Suyadi San
BEBERAPA waktu lalu saya membaca berita tentang kunjungan panitia
pelantikan pengurus Paguyuban Suku Tinghoa Indonesia (PASTI) ke Kantor Gubernur
Sumatera Utara. Wakil Gubernur Tengku Erry Nuradi pada kesempatan itu meminta
kepada warga Tionghoa untuk menggunakan bahasa Indonesia di tempat umum.
Membaca berita tersebut, saya jadi terperangah!
Pertanyaan saya : apakah pertanyaan serupa pernah dilontarkan Tengku Erry
kepada warga suku lainnya, misalnya orang Batak, Mandailing, Karo, Jawa atau?
Ah.... terlepas pernyataan itu berbau rasial, saya bicara sedikit tentang
fungsi bahasa itu sendiri.
Bahasa bukan sekadar alat komunikasi, bahasa itu
bersistem. Oleh karena itu, berbahasa bukan sekadar berkomunikasi (asal
mengerti/pokoknya mengerti); berbahasa perlu menaati kaidah atau aturan bahasa
yang berlaku.
Kaidah bahasa ada yang tersirat dan ada yang
tersurat. Kaidah bahasa yang tersirat
berupa intuisi penutur bahasa. Kaidah ini diperoleh secara alami sejak penutur
belajar berbahasa Indonesia. Kaidah bahasa yang tersurat adalah sistem bahasa
(aturan bahasa) yang dituangkan dalam berbagai terbitan yang dihasilkan oleh
penutun bahasa yang berminat dan ahli dalam bidang bahasa, baik atas inisiatif
sendiri (perorangan) maupun atas dasar tugas yang diberikan pemerintah, seperti
buku-buku tata bahasa, kamus, dan berbagai buku pedoman (misalnya pedoman ejaan
atau pedoman pembentukan istilah).
Namun, masalahnya apakah kaidah yang telah
dituliskan itu sudah diterapkan secara benar?
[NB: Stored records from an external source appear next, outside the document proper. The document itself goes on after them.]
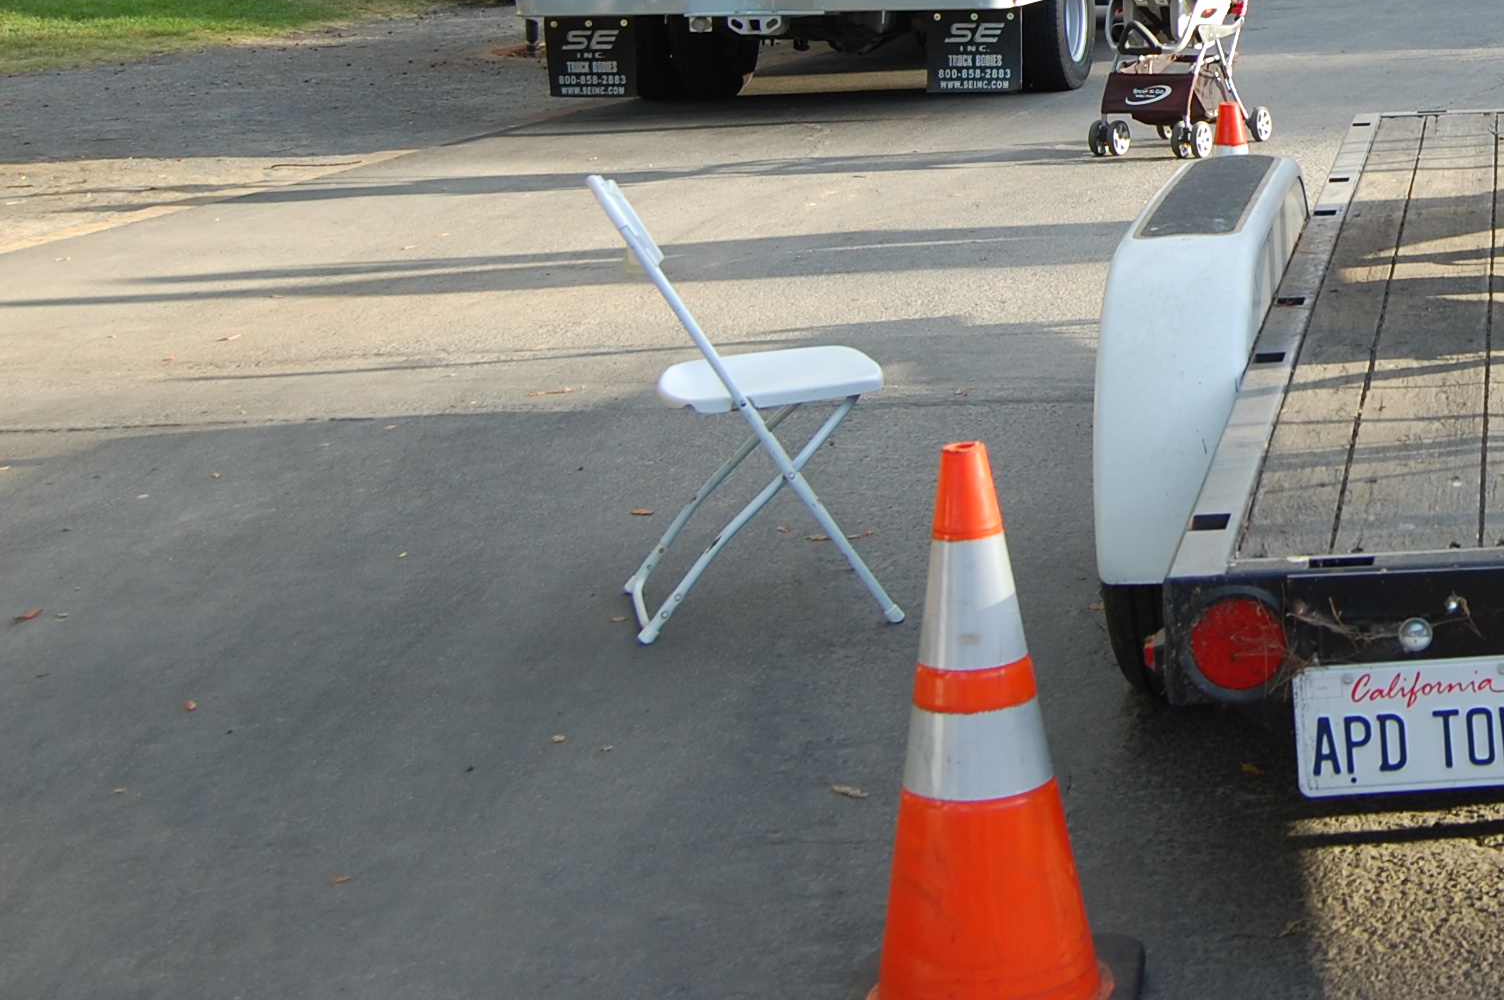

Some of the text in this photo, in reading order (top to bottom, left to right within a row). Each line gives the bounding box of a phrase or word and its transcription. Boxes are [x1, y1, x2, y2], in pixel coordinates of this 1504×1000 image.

[561, 29, 620, 50] SE
[944, 22, 1005, 43] SE
[948, 54, 1003, 67] TRUCK BODIES
[558, 75, 627, 85] 800-858-2883
[938, 69, 1012, 79] 800-858-2883
[1313, 713, 1408, 776] APD
Jika kita sudah menerapkan kaidah
secara benar, berarti kita telah menggunakan bahasa Indonesia dengan benar.
Lalu, bagaimana penggunaan bahasa Indonesia dengan baik?
Ungkapan gunakanlah
bahasa Indonesia yang baik dan benar telah menjadi slogan yang
memasyarakat, baik melalui jasa guru di lingkungan sekolah maupun jasa media massa (media cetak-surat kabar dan
majalah – ataupun media elektronika – radio dan televisi – melalui siaran
pembinaan hahasa Indonesia).
Apakah sebenarnya makna ungkapan itu? Apakah yang
dijadikan alat ukur (kriteria) bahasa yang baik? Apa pula alat ukur bahasa yang
benar?
Yang digunakan untuk melihat penggunaan bahasa
yang benar adalah kaidah bahasa. Kaidah ini meliputi aspek (1) tata bunyi
(fonologi), (2) tata bahasa (kata dan kalimat), (3) kosakata (termasuk
istilah), (4) ejaan, dan (5) makna.
Kriteria penggunaan bahasa yang baik adalah
ketepatan memilih ragam bahasa yang sesuai dengan kebutuhan komunikasi.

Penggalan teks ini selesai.